When the seance began, the participants there were usually 12 - would listen to
a record of 'Ave Maria', then Roy began to breathe heavily and speak in the
voice of one of his guides: sometimes 'Dr Wilson', 'Marie' or 'Joey' but more
often in the hoarse voice of 'Tinka, the Red Indian'.
'Tinka' was often preferred, especially when sitters began asking questions. If
a particular query was beyond the 'medium', he would simply answer, 'No can
answer me just simple Indian'.
After his so-called guides introduced themselves, he would announce that 'departed friends and relatives' were now present who would try to speak.

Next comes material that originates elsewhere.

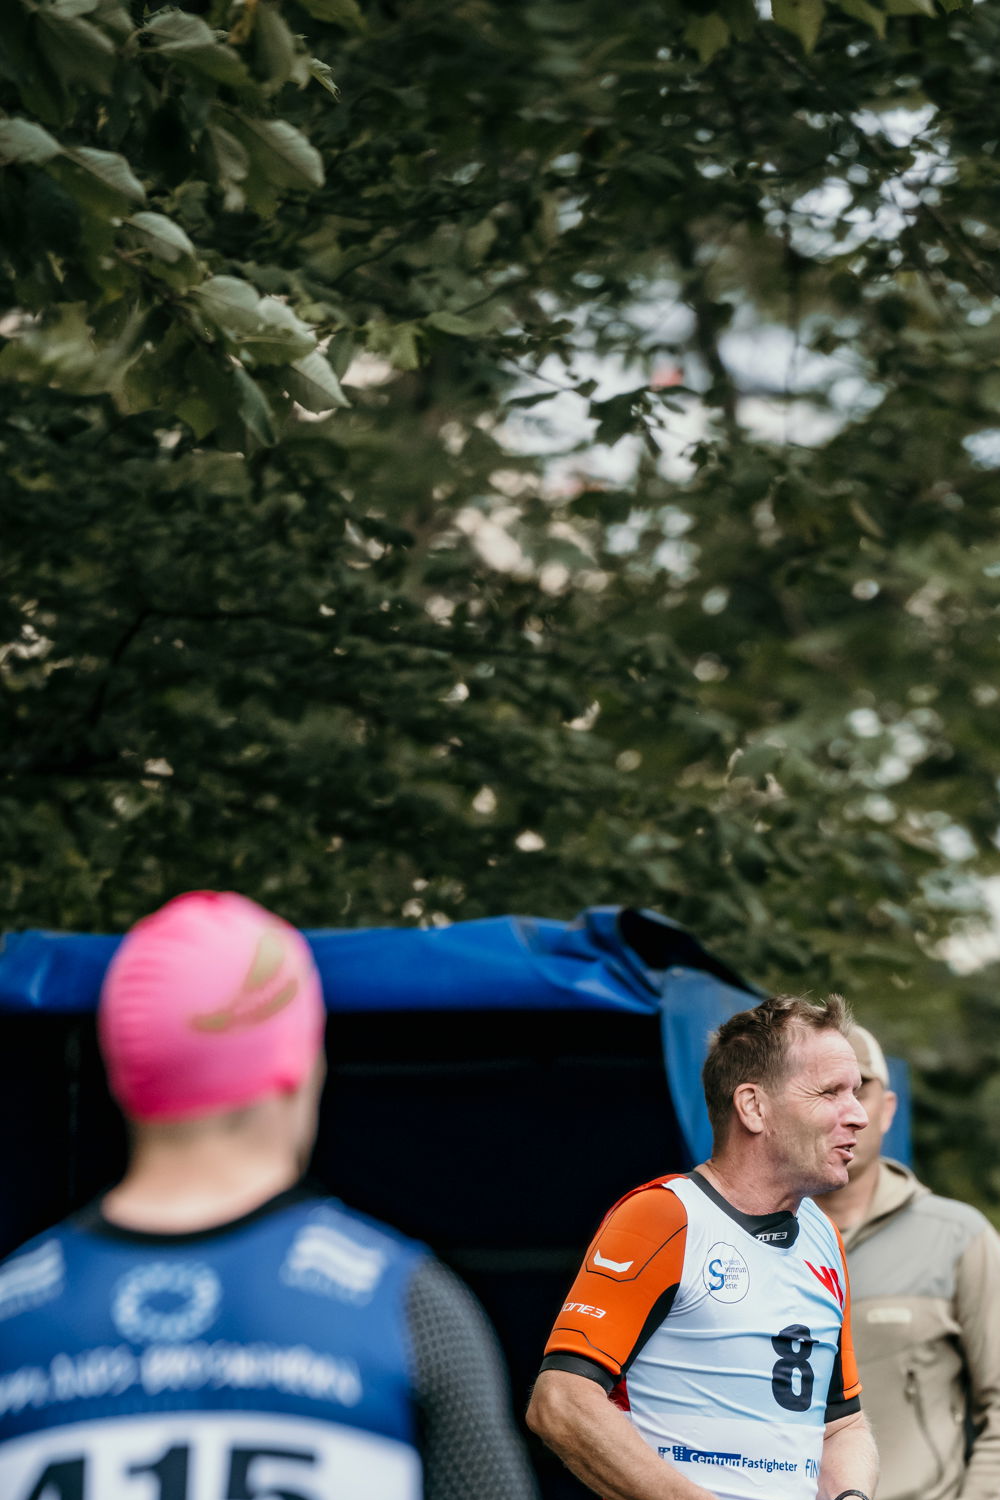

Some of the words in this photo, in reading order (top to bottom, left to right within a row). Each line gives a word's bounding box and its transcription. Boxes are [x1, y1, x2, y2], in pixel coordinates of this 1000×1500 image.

[562, 1302, 607, 1319] ONE3
[771, 1324, 819, 1412] 8
[690, 1452, 739, 1468] Centrum
[742, 1457, 798, 1473] Fastigheter

Then Roy would pick up his 'speaking trumpet' - which was covered with luminous
paint - with the telescopic rod. Next, he would put a small earphone in his
ear, clipping the wire lead to the terminal of a private telephone line which
connected him with the adjoining room where his assistant was already waiting,
microphone in hand, to pass on the information he had gathered from pockets and
handbags.
The 'medium' then had a steady stream of names and addresses, dates of
birthdays, deaths, meetings, etc.; information about past and coming events,
illnesses, problems and plans.
He would make the 'communicators' speak by means of a miniature loudspeaker at
the end of a telescopic rod. Sometimes he used his own voice, sometimes that of
his assistant or sometimes pre-recorded taped messages. The connection between
the loudspeaker and the assistant's microphone was established by means of
copper plates on his soles, which he pressed on carpet tacks wired to the
adjoining room.
But Roy's piece de resistance was 'materialisation'. If he was feeling
particularly adventurous, in dim light, butter muslin, doubling as ectoplasm,
would issue from his mouth, a ghostly mask appear over his face, or a white-
robed accomplice appear from a secret door. In this manner, 'Tinka, the Red
Indian', manifested on several occasions and was found to be seven feet tall!

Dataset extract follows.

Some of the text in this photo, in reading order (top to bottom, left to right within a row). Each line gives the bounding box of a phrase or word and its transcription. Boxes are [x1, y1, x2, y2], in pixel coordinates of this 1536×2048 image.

Roy did not rely solely on ransacking handbags and pockets for his information.
Before admitting an unsuspecting victim to his seance room he researched their
backgrounds methodically by looking up voters' lists, consulting 'Who's Who',
reading last wills and by making frequent trips to the General Register at
Somerset House for death and birth certificates, which also gave the names of
parents and grandparents.
One of his most shameless con tricks was the exploitation of a widow. Through
an accomplice, Roy obtained detailed information about the woman's dead husband
which he duly relayed to her as coming from loved ones in the spirit world. At
the same time he seduced her and claimed he wanted to marry her as soon as
possible. But Roy was in fact already married - to his second wife Dorothy.

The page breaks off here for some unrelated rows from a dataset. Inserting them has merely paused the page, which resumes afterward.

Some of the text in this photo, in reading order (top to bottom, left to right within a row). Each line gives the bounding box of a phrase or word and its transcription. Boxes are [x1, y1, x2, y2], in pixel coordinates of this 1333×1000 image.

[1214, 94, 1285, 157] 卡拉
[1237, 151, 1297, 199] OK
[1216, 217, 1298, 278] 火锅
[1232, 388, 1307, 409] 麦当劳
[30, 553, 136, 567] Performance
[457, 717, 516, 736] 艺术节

However, during a seance, the widow, who by this time was completely besotted
with the fraudster, was told to pay Dorothy - 15,000 in return for an arranged
divorce. In due course Roy produced a letter, apparently from his wife through
a firm of solicitors, giving consent for this arrangement. The letter and the
firm of solicitors were both bogus, but the widow paid Roy - 15,000 which went
into his own pocket and the pair went on 'honeymoon'.
Dorothy committed suicide soon after. Three weeks later Roy did not marry the
widow but 17-year-old Mary Rose Halligan, whom he deserted in 1956, and eleven
years later married bigamously Ann Clements, from whom he eventually parted.
William Roy died in 1977 at Hastings, Sussex, suffering from cancer, leaving
three children, three widows and a bigamous bride.
Today his apparatus for fake mediumship is in the care of Scotland Yard and can
be viewed at the Metropolitan Police Detective Training School.
Although he was a self-confessed and notorious con-man, he resurfaced briefly
in the late 60s, again masquerading as a physical medium, and using the name
Bill Silver. The Beatles visited him and were supposed to have been put in
touch with their ex-manager, Brian Epstein, but left unconvinced and
disillusioned.
Remarkably, they were among the few exceptions.
In William Roy's own words: 'Let no man or woman say smugly: 'Roy would never
have taken ME in with that stuff', because I deceived the highest in the land,
as well as the humblest. When I think of the Big Ones I completely bamboozled,
I feel like a big-game hunter does when he looks at his trophies ... I know
that even after this confession I could fill seance rooms again with people who
find it a comfort to believe I am genuine.'
May we never see his like again.
First
printed in The Noah's Ark Society magazine, The Arc Review, in May 1996, and reproduced
here by their kind permission.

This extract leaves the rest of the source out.